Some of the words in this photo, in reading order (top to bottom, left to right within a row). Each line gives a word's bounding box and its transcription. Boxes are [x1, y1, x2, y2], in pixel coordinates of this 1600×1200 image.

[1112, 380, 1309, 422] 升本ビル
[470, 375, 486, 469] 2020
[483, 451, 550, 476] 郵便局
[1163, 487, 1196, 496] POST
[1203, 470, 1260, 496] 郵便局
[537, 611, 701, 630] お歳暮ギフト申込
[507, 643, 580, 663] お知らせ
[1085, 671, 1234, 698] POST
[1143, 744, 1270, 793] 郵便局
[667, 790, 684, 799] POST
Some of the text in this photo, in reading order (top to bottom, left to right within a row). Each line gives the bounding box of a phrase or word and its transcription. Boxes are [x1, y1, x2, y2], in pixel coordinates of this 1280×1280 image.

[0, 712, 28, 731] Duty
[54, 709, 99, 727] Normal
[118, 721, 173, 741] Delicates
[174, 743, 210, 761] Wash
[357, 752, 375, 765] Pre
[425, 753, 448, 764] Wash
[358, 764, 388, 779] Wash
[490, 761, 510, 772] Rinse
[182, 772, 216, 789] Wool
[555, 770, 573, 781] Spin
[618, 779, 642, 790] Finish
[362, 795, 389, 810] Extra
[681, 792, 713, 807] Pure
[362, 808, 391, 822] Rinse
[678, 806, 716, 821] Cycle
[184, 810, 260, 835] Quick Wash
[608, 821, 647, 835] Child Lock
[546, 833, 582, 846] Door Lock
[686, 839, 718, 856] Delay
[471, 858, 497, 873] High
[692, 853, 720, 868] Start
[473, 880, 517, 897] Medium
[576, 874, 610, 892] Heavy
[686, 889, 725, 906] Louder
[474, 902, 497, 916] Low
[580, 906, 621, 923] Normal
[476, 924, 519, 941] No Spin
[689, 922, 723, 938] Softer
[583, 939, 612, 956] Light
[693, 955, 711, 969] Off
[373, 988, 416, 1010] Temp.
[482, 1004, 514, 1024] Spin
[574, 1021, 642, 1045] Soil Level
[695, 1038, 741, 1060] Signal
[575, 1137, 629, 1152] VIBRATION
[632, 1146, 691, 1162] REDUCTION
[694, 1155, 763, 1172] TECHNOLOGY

> [EXERCISE AIM]: Every record above must be printed again exactly as it stands.

> [TASK ANSWER]:
Some of the words in this photo, in reading order (top to bottom, left to right within a row). Each line gives a word's bounding box and its transcription. Boxes are [x1, y1, x2, y2], in pixel coordinates of this 1600×1200 image.

[1112, 380, 1309, 422] 升本ビル
[470, 375, 486, 469] 2020
[483, 451, 550, 476] 郵便局
[1163, 487, 1196, 496] POST
[1203, 470, 1260, 496] 郵便局
[537, 611, 701, 630] お歳暮ギフト申込
[507, 643, 580, 663] お知らせ
[1085, 671, 1234, 698] POST
[1143, 744, 1270, 793] 郵便局
[667, 790, 684, 799] POST
Some of the text in this photo, in reading order (top to bottom, left to right within a row). Each line gives the bounding box of a phrase or word and its transcription. Boxes are [x1, y1, x2, y2], in pixel coordinates of this 1280×1280 image.

[0, 712, 28, 731] Duty
[54, 709, 99, 727] Normal
[118, 721, 173, 741] Delicates
[174, 743, 210, 761] Wash
[357, 752, 375, 765] Pre
[425, 753, 448, 764] Wash
[358, 764, 388, 779] Wash
[490, 761, 510, 772] Rinse
[182, 772, 216, 789] Wool
[555, 770, 573, 781] Spin
[618, 779, 642, 790] Finish
[362, 795, 389, 810] Extra
[681, 792, 713, 807] Pure
[362, 808, 391, 822] Rinse
[678, 806, 716, 821] Cycle
[184, 810, 260, 835] Quick Wash
[608, 821, 647, 835] Child Lock
[546, 833, 582, 846] Door Lock
[686, 839, 718, 856] Delay
[471, 858, 497, 873] High
[692, 853, 720, 868] Start
[473, 880, 517, 897] Medium
[576, 874, 610, 892] Heavy
[686, 889, 725, 906] Louder
[474, 902, 497, 916] Low
[580, 906, 621, 923] Normal
[476, 924, 519, 941] No Spin
[689, 922, 723, 938] Softer
[583, 939, 612, 956] Light
[693, 955, 711, 969] Off
[373, 988, 416, 1010] Temp.
[482, 1004, 514, 1024] Spin
[574, 1021, 642, 1045] Soil Level
[695, 1038, 741, 1060] Signal
[575, 1137, 629, 1152] VIBRATION
[632, 1146, 691, 1162] REDUCTION
[694, 1155, 763, 1172] TECHNOLOGY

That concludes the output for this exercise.